Même si les gopis avaient obéi, elles avaient encore beaucoup de doute. Comment le fleuve s’est-il séparé si ce qu’elles disaient n’était pas la vérité ? En vérité, la réponse est que tout dépendait de la « causalité agissante » (doership). Si ton esprit dit : « Je l’ai fait », tu dois recevoir le résultat de ton action. Mais souviens-toi qu’il est crucial de comprendre que la « causalité agissante » vient de l’intérieur, non pas en le disant avec la bouche. Si l’on a l’état de connaissance selon lequel tout travail est accompli par le corps et les sens, on est libéré des conséquences.
Le Tantra Jnana Sankalini nous enseigne que l’immensité de tout l’univers réside dans le corps humain, relativement petit.
Nous vivons dans un corps qui ressemble à une maison où l’on peut vivre pendant une vie. Certains aiment le corps et s’y attachent. Certains considèrent le corps comme tout. Et certains pensent même : « Je suis le corps. » D’autres n’aiment pas ou n’aiment pas leur corps. Sans doute, peut-on se demander pourquoi tant de gens n’aiment pas leur corps, puisqu’ils l’ont choisi. Leur souffrance est le résultat de leur propre ignorance. En vérité, toute souffrance vient de l’ignorance. « Je n’aime pas ce corps ; je veux le changer. Je ne suis pas beau ; je suis laid. »
Les Védas déclarent que tout ce qui est perçu dans le Cosmos peut aussi être perçu à l’intérieur du corps humain.
La vérité est que chaque individu est emprisonné dans un corps. Le corps est une prison ; la famille est une prison ; le monde est une prison ; et nous sommes les prisonniers de nos propres esprits.

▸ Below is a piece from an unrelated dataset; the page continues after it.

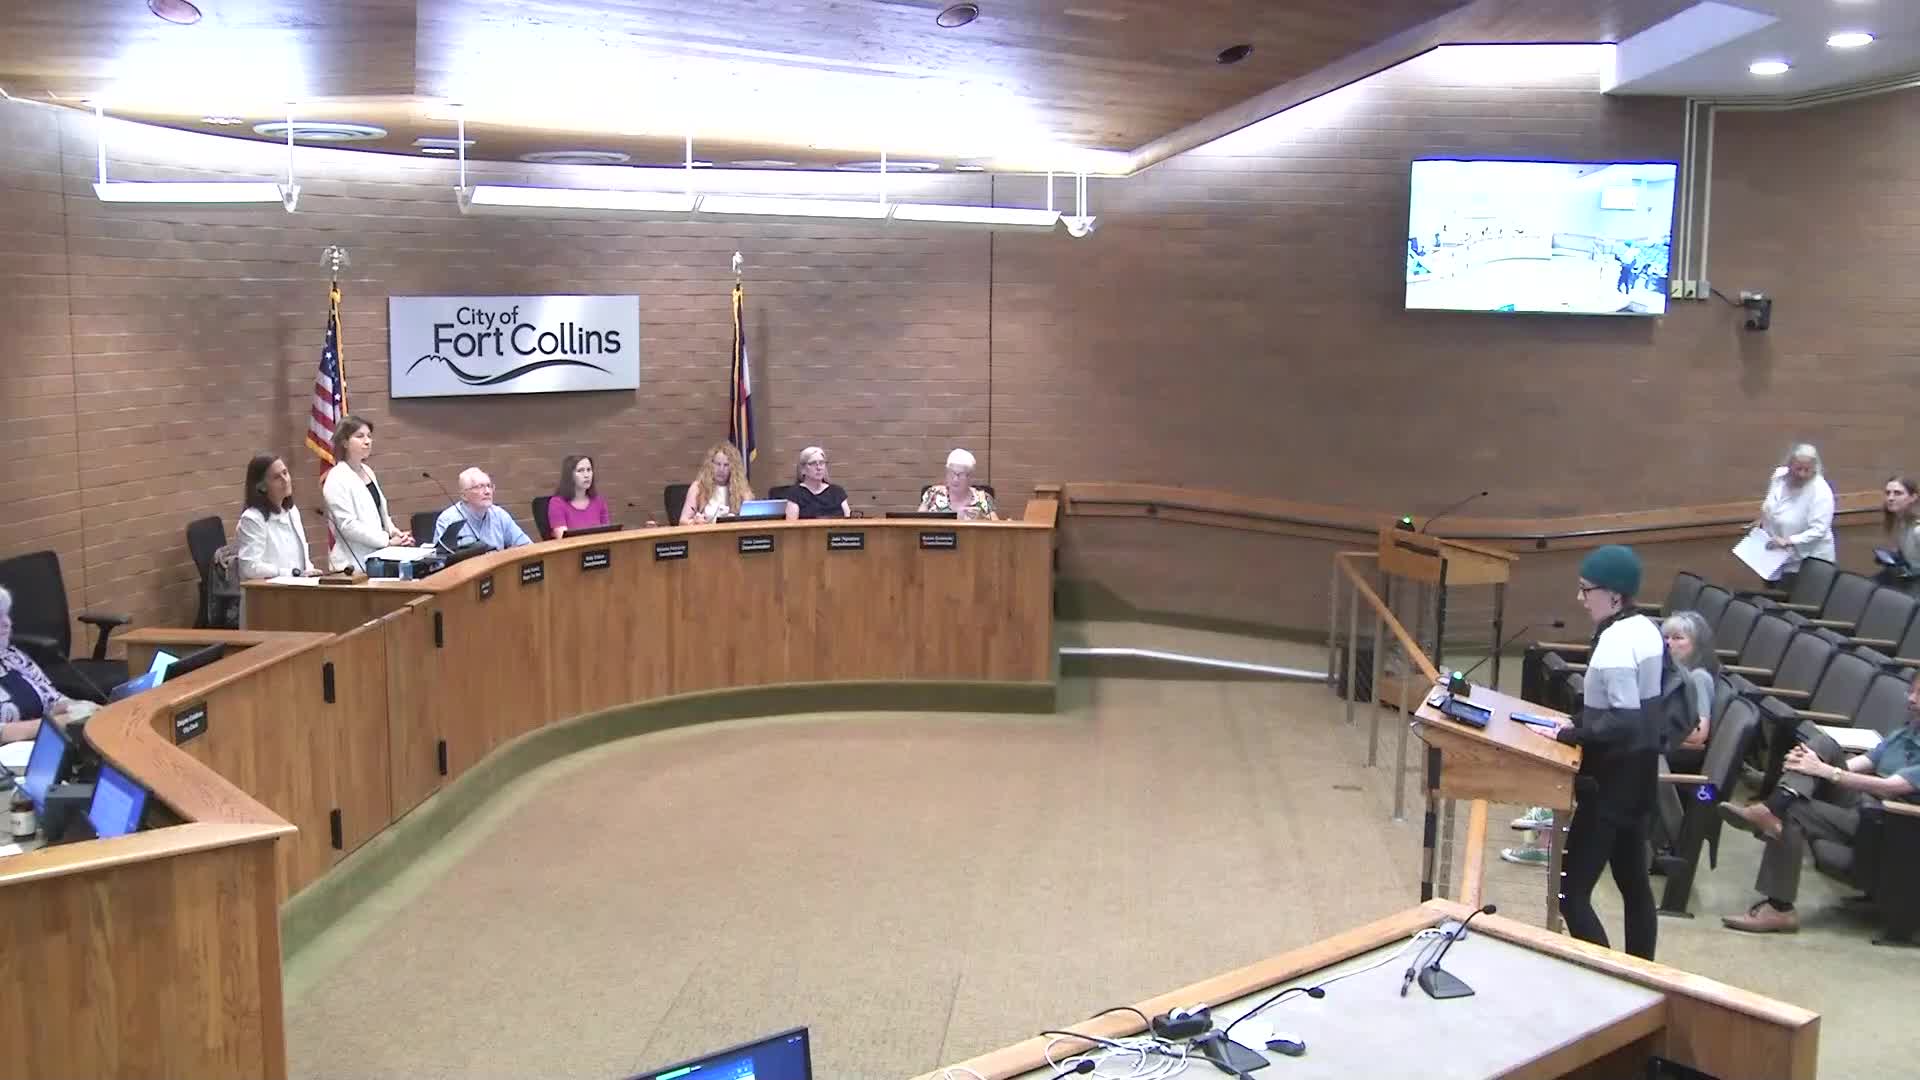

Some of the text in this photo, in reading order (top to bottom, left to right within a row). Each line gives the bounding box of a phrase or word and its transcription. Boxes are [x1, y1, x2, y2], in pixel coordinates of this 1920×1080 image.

[457, 305, 519, 329] City of
[434, 322, 621, 357] Fort Collins
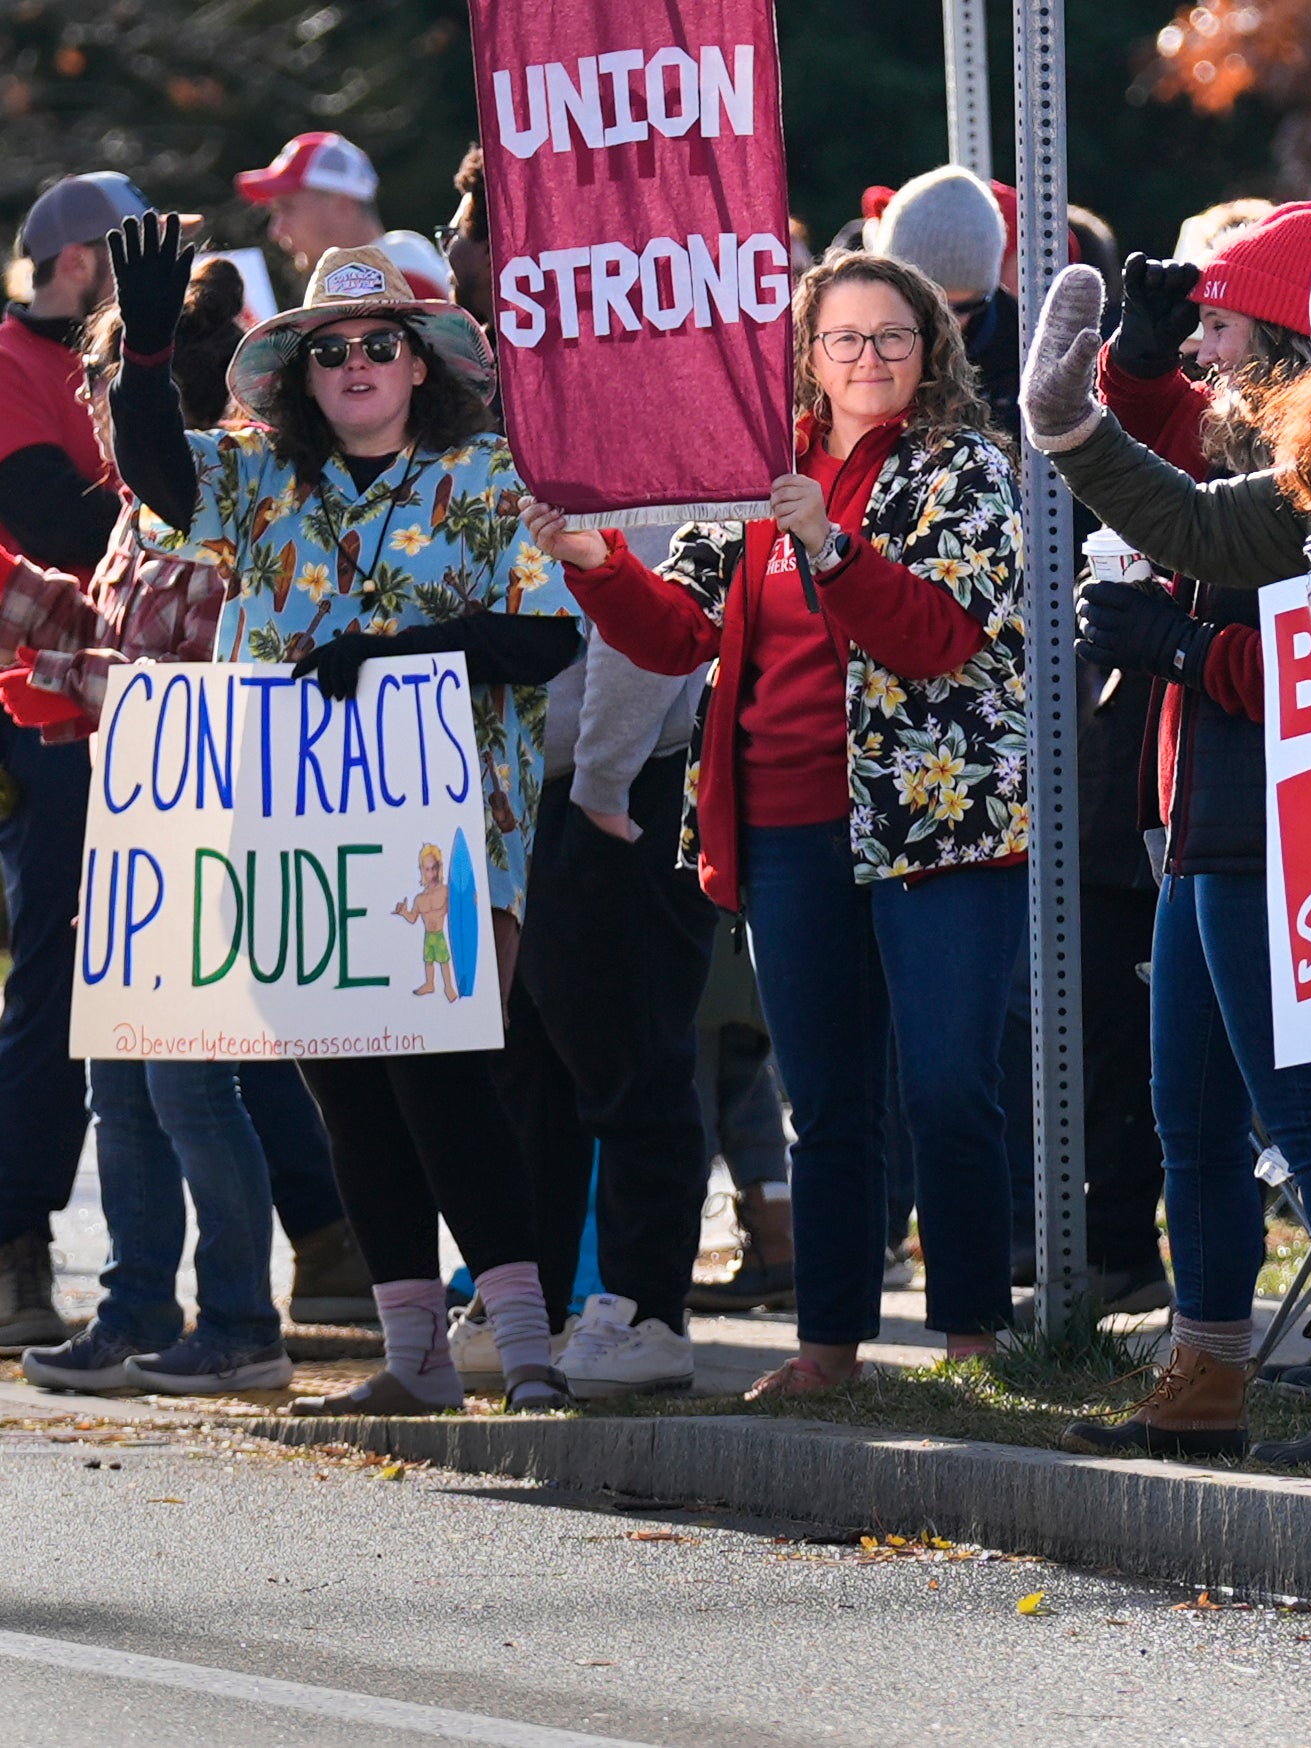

« Ce corps est pré-pensé, pré-planifié. » Avant de naître dans ce monde, nous planifions nos corps. Nous décidons quel type de corps nous voulons. Mais nous ne nous en souvenons pas : nous avons oublié. Nous décidons aussi où naître ; c’est notre plan, personne d’autre. Il en va de même pour le genre de vie que nous voulons vivre. Quand nous voyageons, nous décidons où aller. Quand nous partons en voyage, nous arrangeons beaucoup de choses. De la même manière, quand nous voyageons sur Terre, nous arrangeons et préparons nos corps, nos familles, le type de vie que nous aurons : tout cela, c’était notre œuvre. C’est pourquoi on dit : ittham prakalpite dehe : « Dans ce corps qui a été pré-planifié par vous. » Ainsi, nous n’avons pas besoin d’être malheureux avec nos corps. Pourquoi ? Parce que nous recevons ce que nous voulions. Nous recevons le corps désiré. Si nous voulons expérimenter la liberté, nous devons chérir ce désir en nous. Ittham prakalpite dehe : « Ce corps est notre pensée, notre création. »
Par notre karma, nous avons formé certains projets et acquis un corps. Nous sommes arrivés dans ce monde ornés de beaux bijoux. Quels sont ces bijoux ? On dit : anadi vasana malah : « Vous avez une guirlande, un collier, faits de désirs sans commencement. » Vasana signifie « désirs » et anadi signifie « sans commencement » ; ainsi, nous avons un beau collier de désirs sans commencement, ainsi qu’une ambition sans fin. Mais cette guirlande n’est pas nouvelle. Anadi signifie que, depuis des temps immémoriaux, nous portons les vasanas, les désirs, vie après vie.
Après la réalisation, qu’un jnani prenne un autre corps dépend d’eux, car il n’a plus de karma. D’abord, les chercheurs doivent décider s’ils veulent la réalisation. Ensuite, ils doivent se demander pourquoi ils veulent être réalisés. La réalisation, c’est être libre. Libre de quoi ? Libre de toute souffrance : duhkha nivritti. Si quelqu’un est libre de toute souffrance, que se passe-t-il ? Une béatitude éternelle. Si le but est d’atteindre la béatitude éternelle en étant libre de la souffrance, qu’un réalisé revienne ou non, s’il est dans la béatitude, est-ce que cela compte s’il reste ou s’il part ?
La première partie du vers dit : ittham prakalpite dehe : « dans ce corps que tu as planifié avant la naissance », planifié par ton propre karma. Jiva vasati sarvagah : « l’individu qui est digne, capable d’aller partout ». Après avoir médité ces paroles, devons-nous douter de notre situation dans la vie ? Nous planifions nos vies avant la naissance, ainsi que nos corps, nos environnements, nos situations et circonstances. C’est pourquoi nous devons accepter notre situation et assumer nos responsabilités avec grâce.
L’esprit est ancien ; les désirs sont anciens. Un corps physique n’a peut-être que cinq ans, mais nos désirs peuvent avoir des dizaines d’années.